Another day, another study. Still, new studies interest me, as they show the diverse ways brilliant minds are approaching the Alzheimer's mystery.
An article on dailymail.co.uk titled, "New hope for Alzheimer's sufferers after new treatment 'restores memory in minutes,'" explains a nearly magical response by a person with Alzheimer's disease, to an injection of Enbrel, a TNF (tumor necrosis factor) drug used for rheumatoid arthritis. The man with Alzheimer's hadn't recognized his wife in months. Minutes after doctors injected the drug into the spine of the man with Alzheimer's, he recognized his wife.
Needless to say, this was a startling result. The experiment followed a study showing that levels of TNF can be up to 25 times higher in the fluid surrounding the brain of a person with Alzheimer's disease than in someone without the disease.

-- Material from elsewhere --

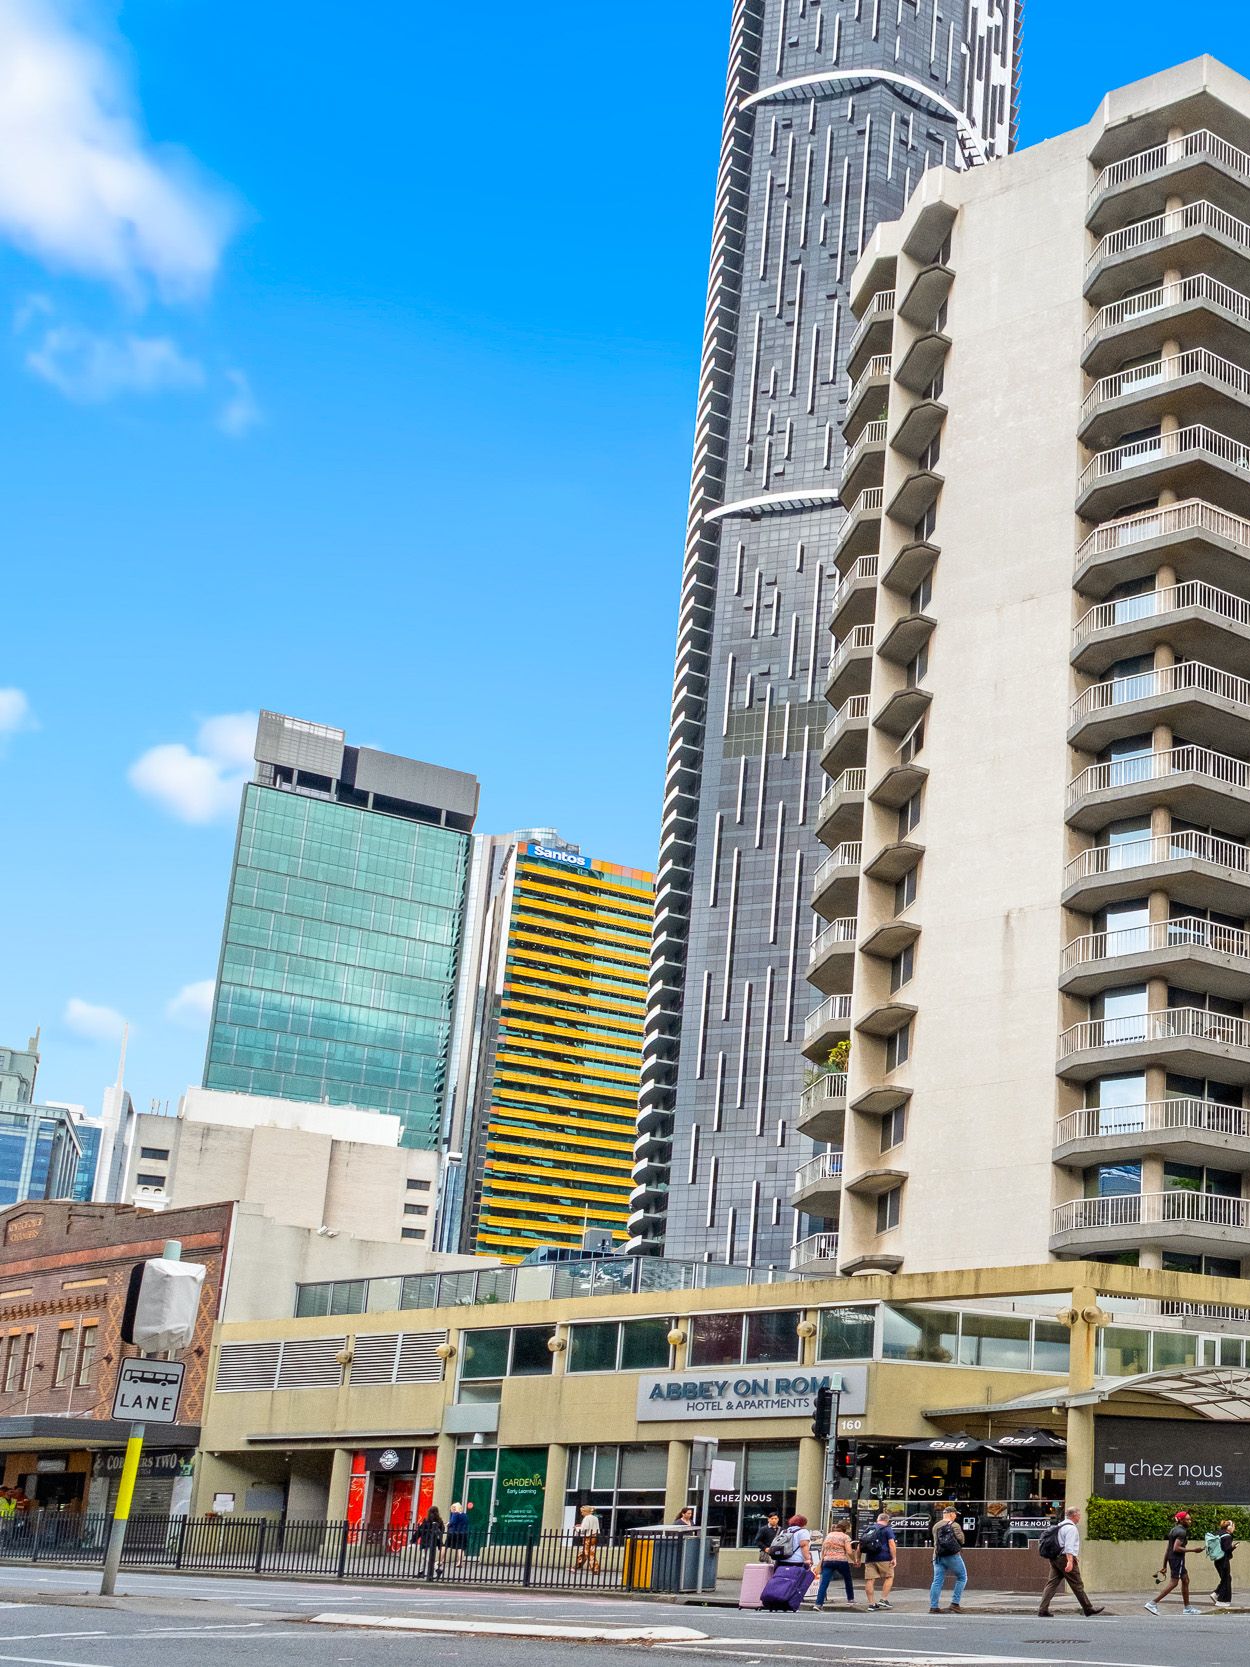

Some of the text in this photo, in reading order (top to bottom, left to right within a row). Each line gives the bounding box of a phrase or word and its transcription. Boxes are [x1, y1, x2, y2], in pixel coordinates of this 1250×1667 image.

Professor Edward Tobinick of the University of California Los Angeles, and director of the Institute for Neurological Research, is leading research here in the U.S. about the use of Enbrel for Alzheimer's.
The study caught my eye for several reason, one being that my son has juvenile rheumatoid arthritis and was prescribed Enbrel at one point. He was still quite young. For arthritis, Enbrel is generally injected into the arm or leg or stomach (for Alzheimer's, it is injected into the spine). Unfortunately, his response was not what we had hoped, so he was taken off the drug. But one doesn't forget a drug that has been injected into your child on a weekly basis.
The researchers have not been able to duplicate the startling results of the man who seemingly was cured of Alzheimer's in "a minute," as the headline suggests. Nor have they seen consistent results. Still, they have seen improvement for some people - enough improvement to continue studying the effects of the drug on Alzheimer's.
This is one more way view Alzheimer's disease. As I've mentioned many times in my posts, I love to see all kinds of different approaches to research for Alzheimer's - and all diseases, for that matter. First of all, researchers may find that what works wonders for one person doesn't do a thing for another. Maybe there are different causes, or maybe different bodies respond differently to different chemicals.
Mainly, I see the value of all of these approaches because they increase the likelihood that a substance will be found that alters the course of Alzheimer's more effectively than what is now available. The gold standard will be, of course, a substance that prevents or cures the disease. With people doing diverse experiments, this is likely to happen more quickly, and disappointing results in one study won't seem as devastating if we know that other approaches are being studied.
As with the study that showed using a drug that is approved for schizophrenia for Alzheimer's, using a drug that is proven useful and safe for people with one disease already puts the research years ahead of the game, should it actually prove useful for treating another disease.
The article stresses that this is very early in the game. Doctors will not soon be prescribing Enbrel for Alzheimer's. However, it is a drug that is on the market, and if it is shown to be safe and useful for Alzheimer's, the time to get it approved for Alzheimer's will certainly be less than if it were a new drug.
Until that time, we can chalk this up to one more study that shows some promise. It may succeed. It may fail. But one day, researchers in some study will shout some version of eureka! And a cure for Alzheimer's will begin to change lives for millions of people with Alzheimer's, and those who love them.